Text in [square brackets] was added especially for this online publication by Ellopos

V - THE PAPACY BEFORE GREGORY VII

Rediscovering the Path to Europe
Em. Macron, Rediscovering the Path to Europe


Page 2

More than any other human institution the Papacy has suffered from a supposed necessity of justifying every forward step by precedent and reference to authority. Twice in the course of sixteen centuries the Holy See has ventured on a startling change of front, and has been sorely embarrassed to rebut the charge of inconsistency. One such change was silently effected at the close of the seventeenth century, when the Popes ceased to concern themselves more than was unavoidable with international affairs. This was a great change; yet not so great as that made in the latter part of the eleventh century, by Gregory VII. For he revolutionised the whole theory of papal prerogative. Neither a profound lawyer nor a profound theologian, he regarded the past history of his office with the idealism of a poet, and looked into its future with the sanguine radicalism of a Machiavelli or a Hobbes.
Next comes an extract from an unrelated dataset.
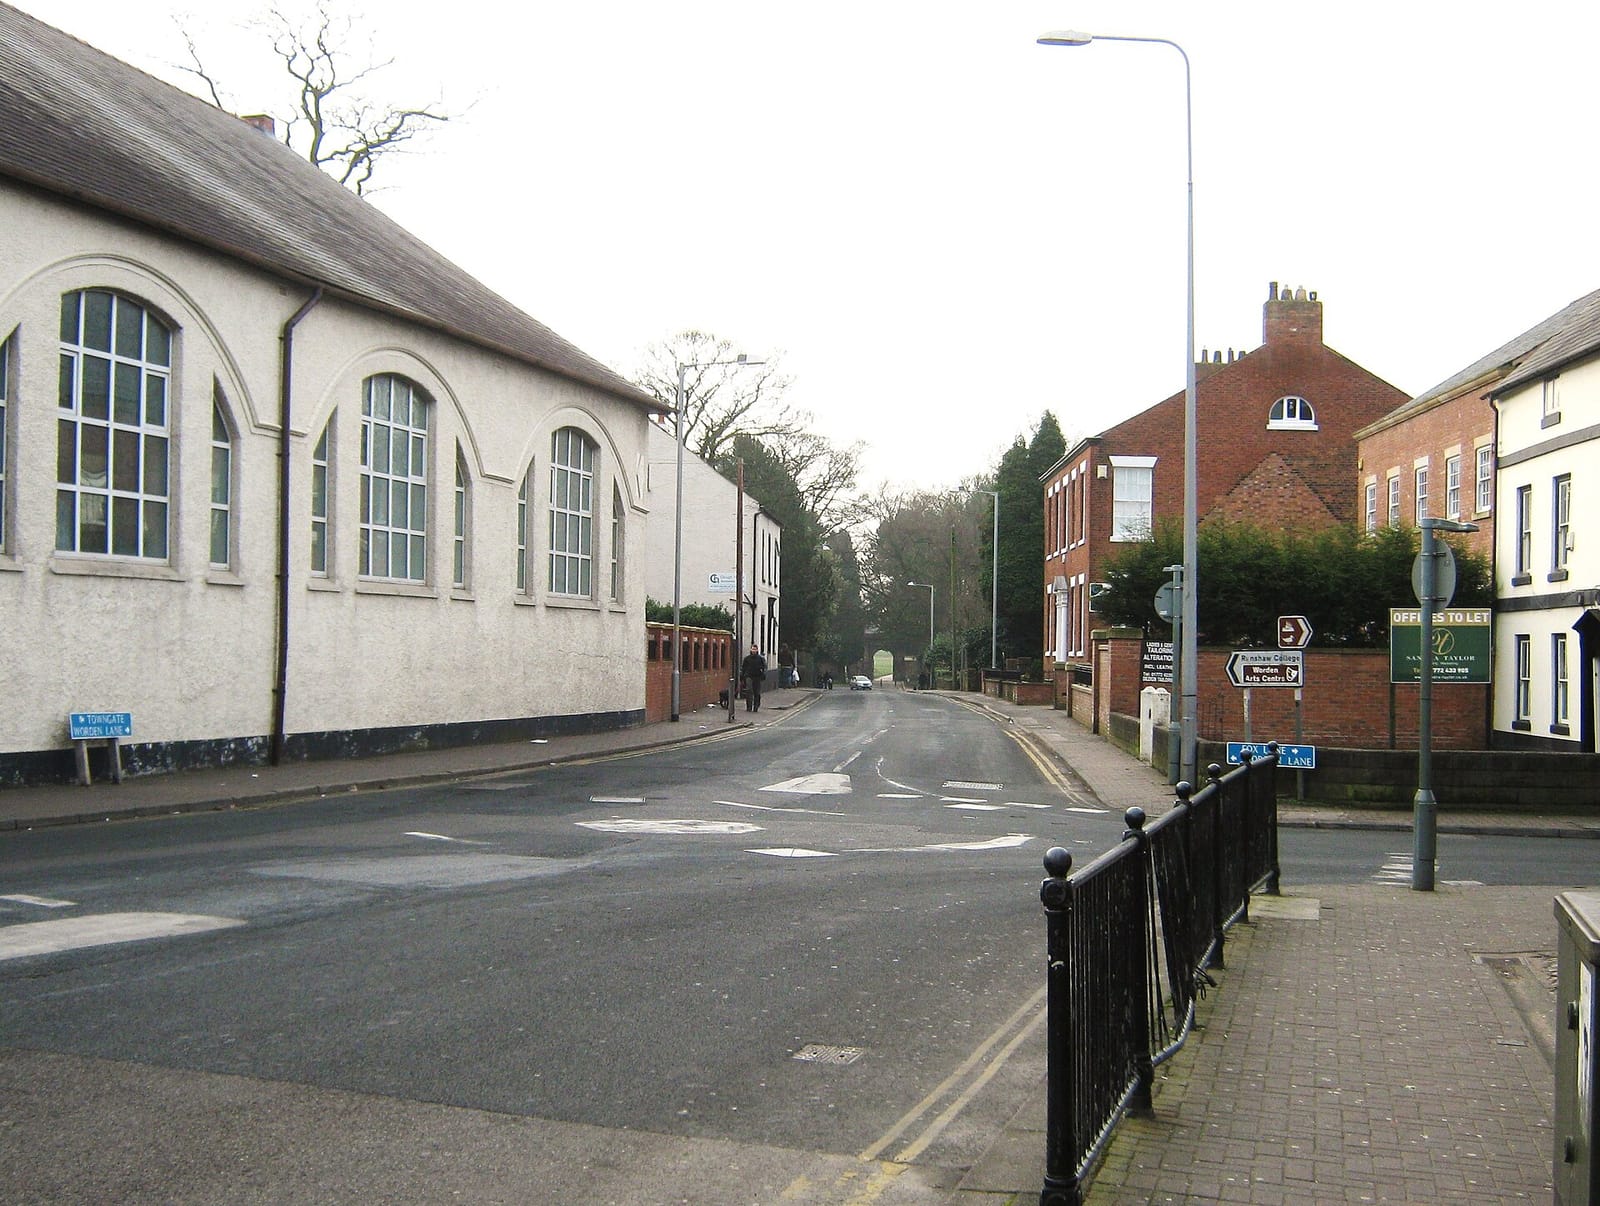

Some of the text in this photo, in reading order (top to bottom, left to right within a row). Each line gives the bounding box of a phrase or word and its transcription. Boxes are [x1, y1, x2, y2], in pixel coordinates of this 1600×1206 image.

Gregory VII conceived of Christendom as an undivided state; of a state as a polity dominated by a sovereign; of a sovereign as a ruler who must be either absolute or useless. And who, he asked, but the heir of the Prince of the Apostles could presume to claim a power so tremendous? For us the audacity of his pretensions is excused by the lofty aims which they were meant to serve.   To conciliate contemporary opinion it was necessary that the new claims should be represented as the revival of old rights, as the logical corollaries of undisputed truths. And this course involved as its consequence an industrious, if partially unconscious, perversion of past history. For the Popes who had gone before him claimed powers which, though extensive, were capable of definition; which, though startling, could in the main be defended by appeal to well-established usage. The new policy led to this paradoxical situation, that precedents were diligently invoked to prove the Pope superior to all precedents.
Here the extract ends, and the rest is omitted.